That influence had begun in Palmyra, New York, fifteen years earlier with the translation of the golden plates that Smith testified had been lent him by the Angel Moroni. These latter-day scriptures described the migration of Israelites to the New World--where they became ancestors of Native Americans--and the risen Christ's ministry on American soil. Smith translated these writings into the Book of Mormon, a revelation that Mormons would place alongside the Bible. The influence continued as a band of six followers incorporated a new church and multiplied into a movement of thousands willing to follow their prophet anywhere. And it did not end when a mob left Joseph Smith's bullet-ridden body propped against a well outside the jail at Carthage, Illinois.

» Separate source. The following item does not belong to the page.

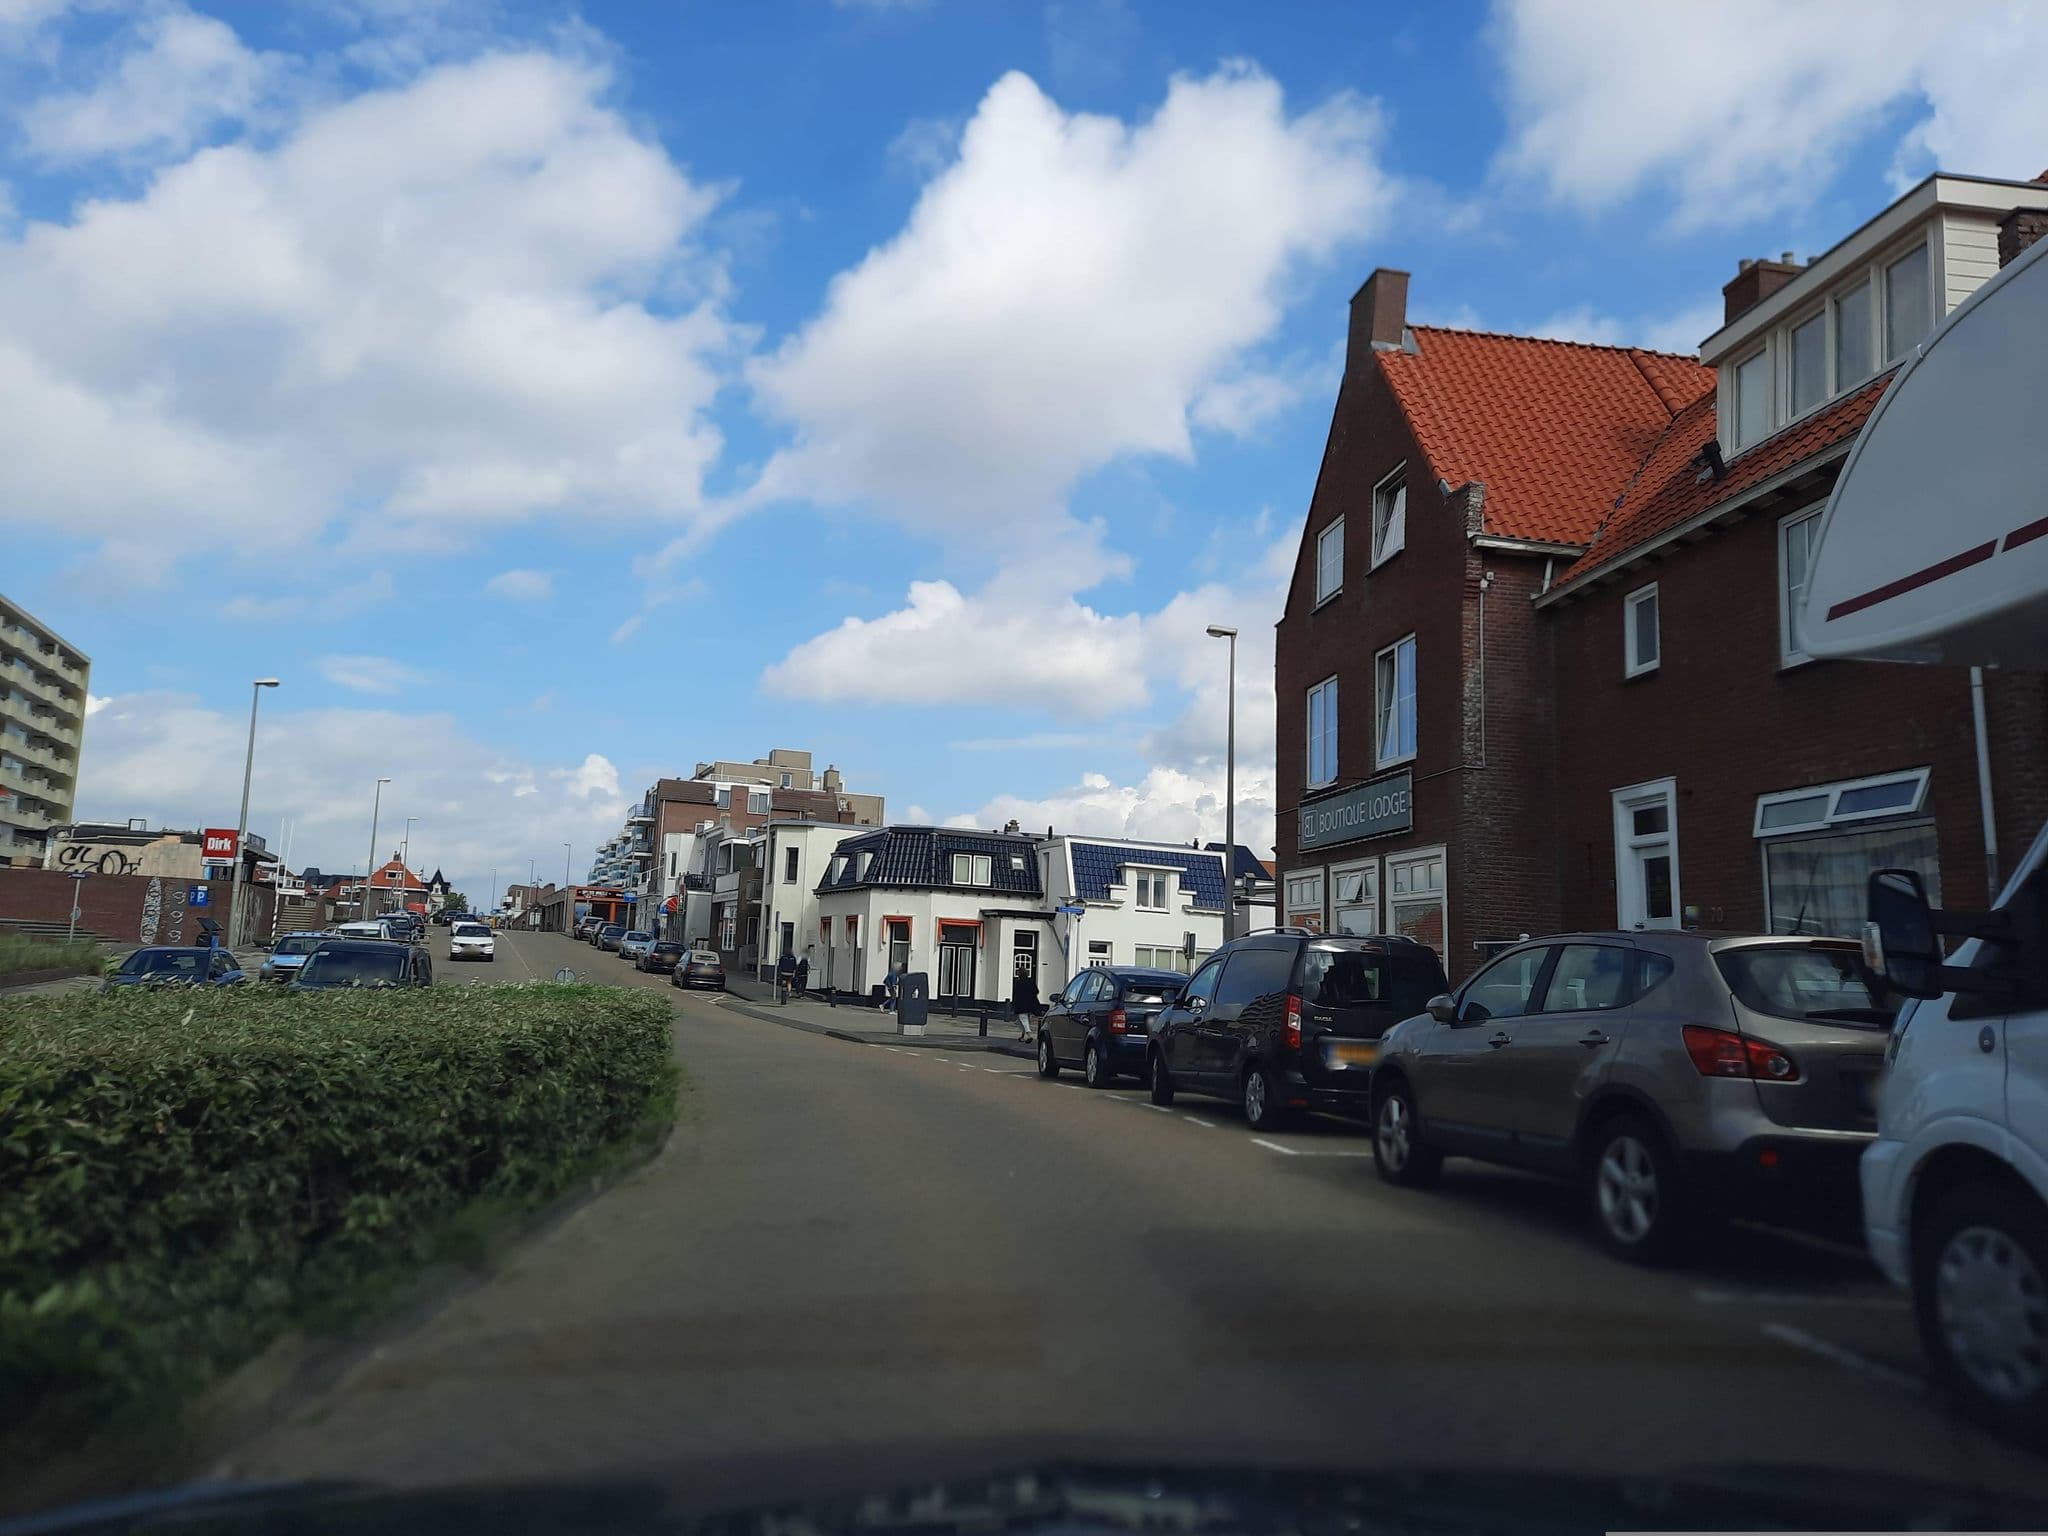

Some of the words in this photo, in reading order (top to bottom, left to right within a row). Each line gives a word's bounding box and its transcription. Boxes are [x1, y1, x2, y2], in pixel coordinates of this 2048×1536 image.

The assassination of their prophet left the Saints grief-stricken and dispirited. Nevertheless, as in Quincy's prediction that "the end is not yet," from that bloody atrocity there emerged the most successful faith ever born on American soil, a church regarded by some today as a major emerging world religion.

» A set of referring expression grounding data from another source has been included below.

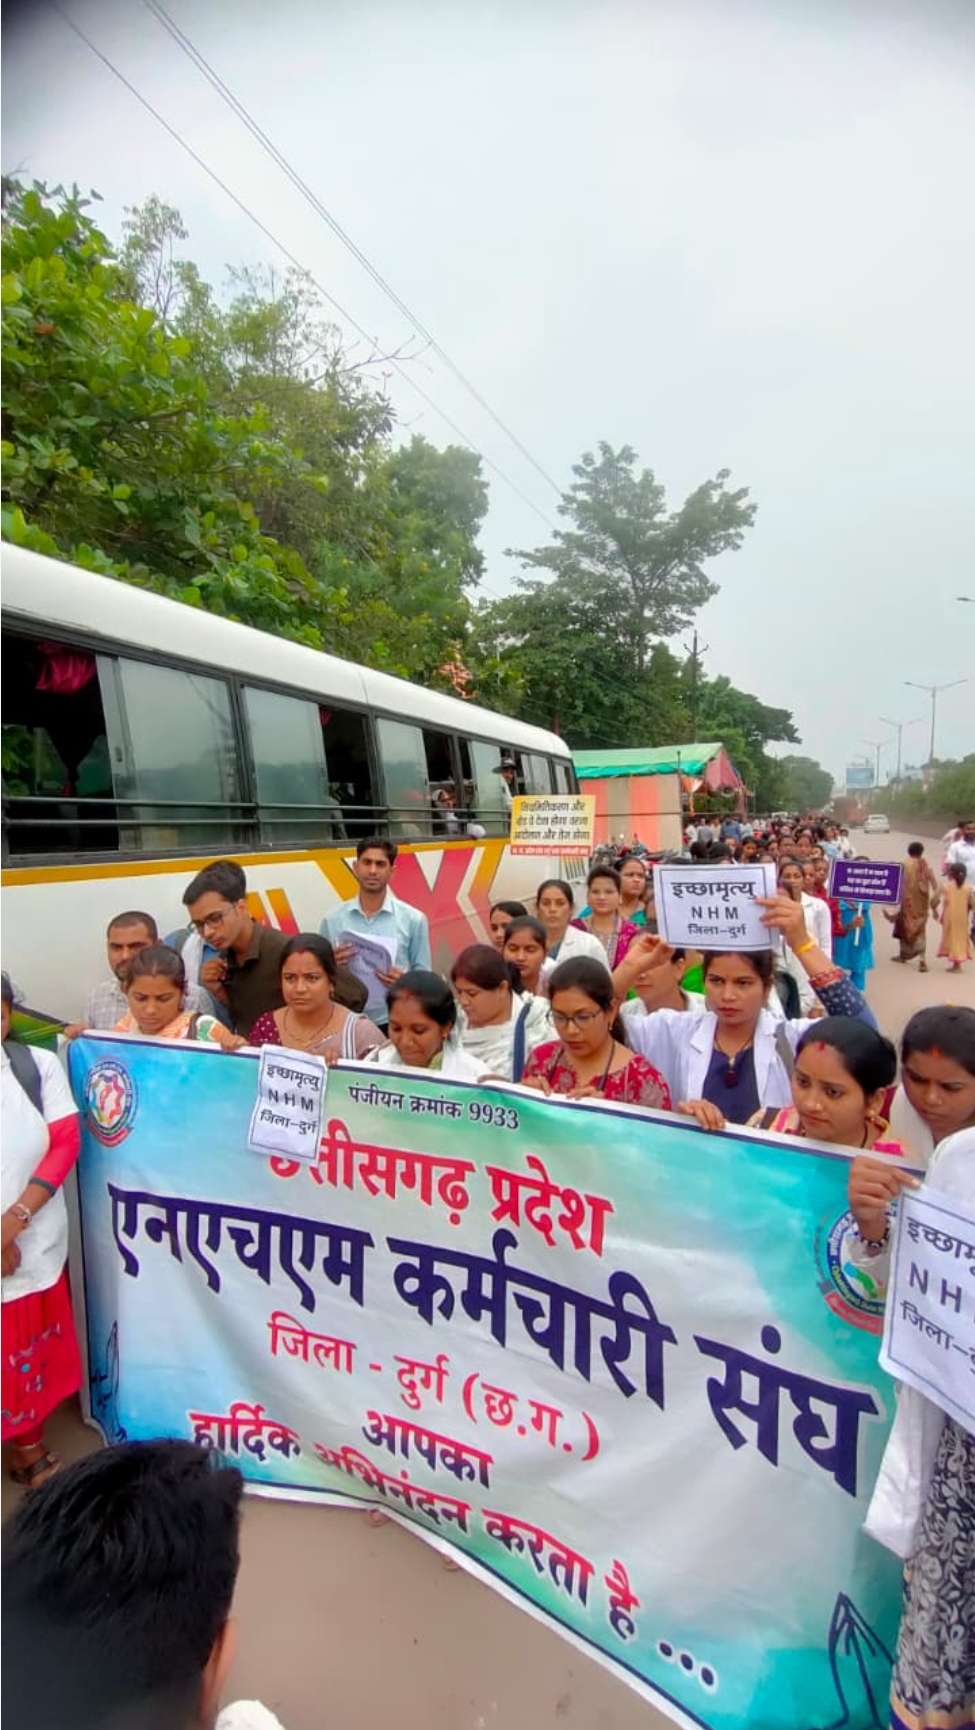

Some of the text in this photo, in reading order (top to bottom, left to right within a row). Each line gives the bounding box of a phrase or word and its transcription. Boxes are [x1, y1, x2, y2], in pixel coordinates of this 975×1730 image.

[671, 881, 756, 902] इच्छामृत्यु
[266, 1063, 320, 1092] इच्छामृत्यु
[347, 1082, 519, 1130] पंजीयन क्रमांक 9933
[485, 1154, 614, 1257] प्रदेश
[107, 1182, 879, 1499] एनएचएम कर्मचारी संघ
[267, 1310, 357, 1375] जिला
[393, 1353, 449, 1411] दुर्ग
[462, 1372, 600, 1462] (छ.ग.)
[362, 1409, 495, 1489] आपका
[189, 1401, 301, 1462] हार्दिक
[480, 1508, 596, 1608] करता

In the spring Of 1844 matters were spinning out of control for the prophet. He was charged as an accessory to attempted murder and faced an extradition warrant to Missouri, where a thug had pumped buckshot into the head of Governor Lilburn Boggs, who had cruelly mistreated the Saints. Amazingly, Boggs survived. It was rumored that the assailant, never caught, had operated at the behest of Smith. Despite vigorous denials by church officials, talk also abounded of something unthinkable--that the prophet and other top church officials were secretly taking multiple wives. Accusers also said Smith was profiting from land speculation over the miseries of poor Saints. Some of his closest colleagues were beginning to regard him as a fallen prophet.

Never passive, Smith responded with a frenzy of political activity. First he declared himself a candidate for president of the United States. Shortly thereafter he organized the secret Council of Fifty to plan an ambitious political future, and he had that body anoint him as "King, Priest and Ruler over Israel on Earth." He petitioned Congress for authorization to raise and lead a 100,000-man army, personally loyal and answerable only to him, that would subdue the western territories from Texas to Oregon. He proposed that anyone who would "attempt to hinder or molest the said Joseph Smith" in this design was to be liable to two years' imprisonment. Congress did not oblige.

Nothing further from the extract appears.